I’m a man, a rather fashionable man, or at least I like to think I am. Which means, when my wife says a pair of jeans doesn’t flatter me or, “Are you really going to wear black jeans and white socks?” I get defensive and sad. I think, “Haven’t you heard of normcore?!”
Usually, of course, she’s right, and I should listen to her sartorial advice. But criticism is hard to take, no matter how valid it is. I asked Susan Kantor, one of the 2,700 personal stylists for the Dallas-based menswear brand J. Hilburn for advice on, well, giving advice. Kantor, who is based in Connecticut, sees between 100 and 200 men over the course of the year, helping them to fine-tune their wardrobe and augment it from Hilburn’s made-to-measure service. “Men are aware of their style but they want to make sure they’re wearing the appropriate thing too,” she says. Here are her top three tips:
Bring a Picture
"Men generally respond well to visuals. If I’m trying to illustrate how a well-fitting shirt or jacket can make you look like you’ve lost 10 to 15 pounds, I’ll bring a picture of a well-dressed celebrity like Ryan Gosling or Jon Hamm."

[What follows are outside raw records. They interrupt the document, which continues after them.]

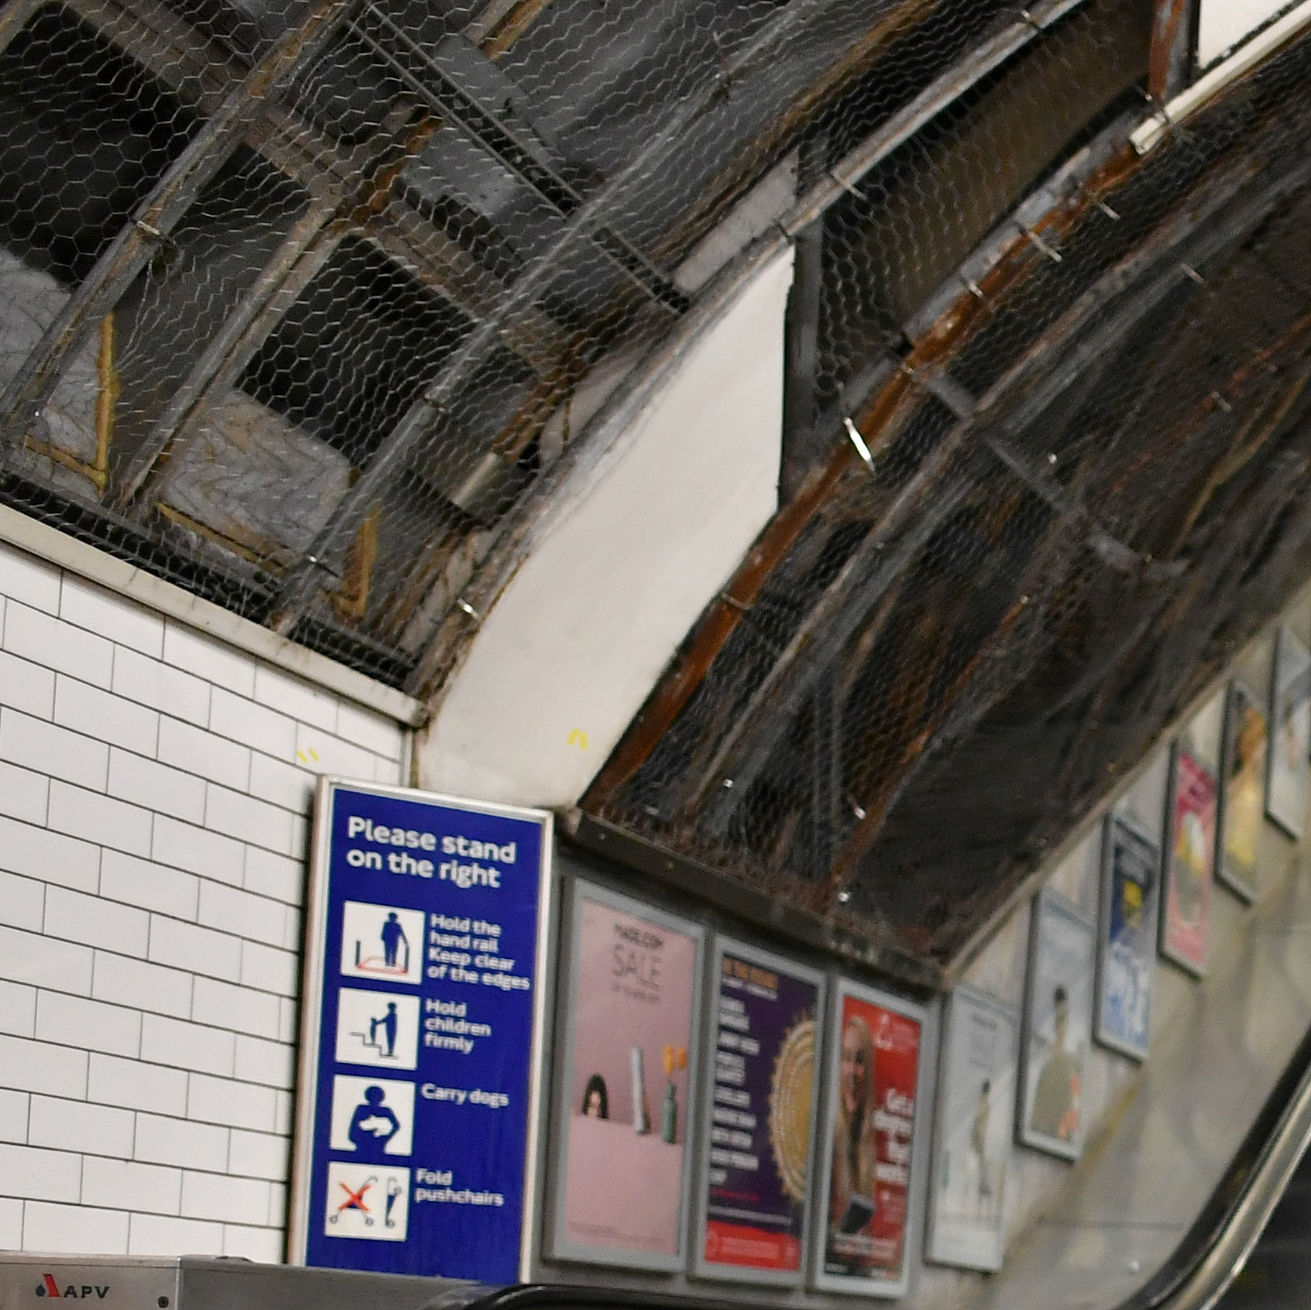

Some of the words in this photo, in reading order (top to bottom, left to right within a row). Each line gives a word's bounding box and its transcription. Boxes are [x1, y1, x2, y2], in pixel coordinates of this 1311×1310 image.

[347, 816, 436, 850] Please
[442, 835, 517, 864] stand
[346, 849, 382, 870] on
[388, 852, 434, 878] the
[439, 860, 501, 888] right
[431, 913, 471, 933] Hold
[472, 920, 502, 937] the
[430, 930, 471, 949] hand
[472, 936, 499, 953] rail
[428, 946, 471, 966] Keep
[474, 953, 516, 971] clear
[427, 964, 448, 979] of
[450, 965, 479, 984] the
[482, 971, 530, 991] edges
[425, 997, 467, 1017] Hold
[425, 1016, 491, 1037] children
[425, 1031, 474, 1055] firmly
[421, 1083, 467, 1105] Carry
[469, 1088, 509, 1109] dogs
[415, 1167, 453, 1186] Fold
[415, 1187, 504, 1207] pushchairs
[64, 1286, 110, 1300] APV

"Style is a very personal thing. My job is to make you feel better; to be a better version of yourself. It’s important to reassure that you’re not going to make them over or change who they are. You’re simply giving them the tools to feel more confident, to stand a little bit taller, to look a little bit better."

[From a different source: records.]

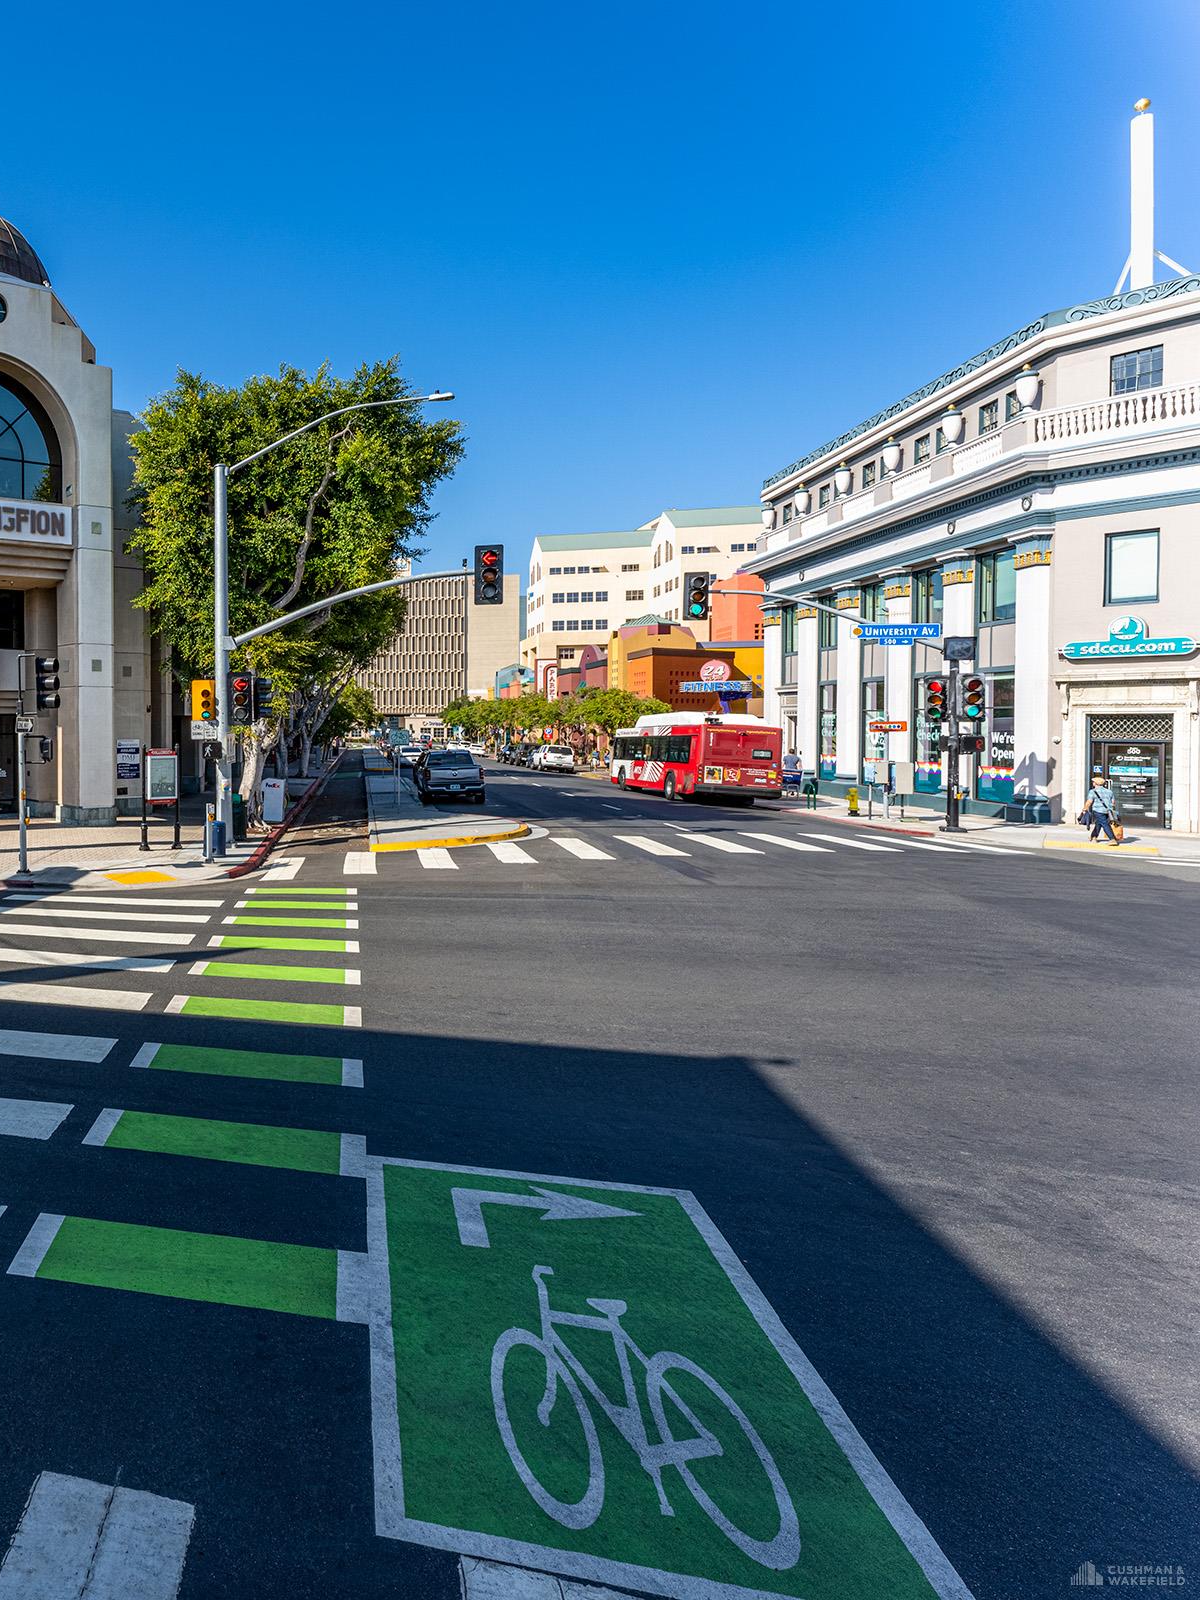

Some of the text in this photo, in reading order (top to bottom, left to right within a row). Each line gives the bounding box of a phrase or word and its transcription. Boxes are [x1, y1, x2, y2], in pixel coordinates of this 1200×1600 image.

[865, 627, 919, 636] UNIVERSITY
[1080, 642, 1176, 655] sdccu.com
[703, 665, 725, 677] 24
[684, 682, 742, 692] FITNESS
[991, 731, 1015, 744] We're
[991, 746, 1014, 761] Open

Couch Advice in Problem-Solving
"Men love to solve problems, so if you contextualize your advice as a way to do that, it’ll land much better. The problem could be something like, 'You want to find something you can wear to the office and go out in for a casual business dinner afterwards,' or 'You want khakis that don’t reek of business casual.' That gives him the impetus to change."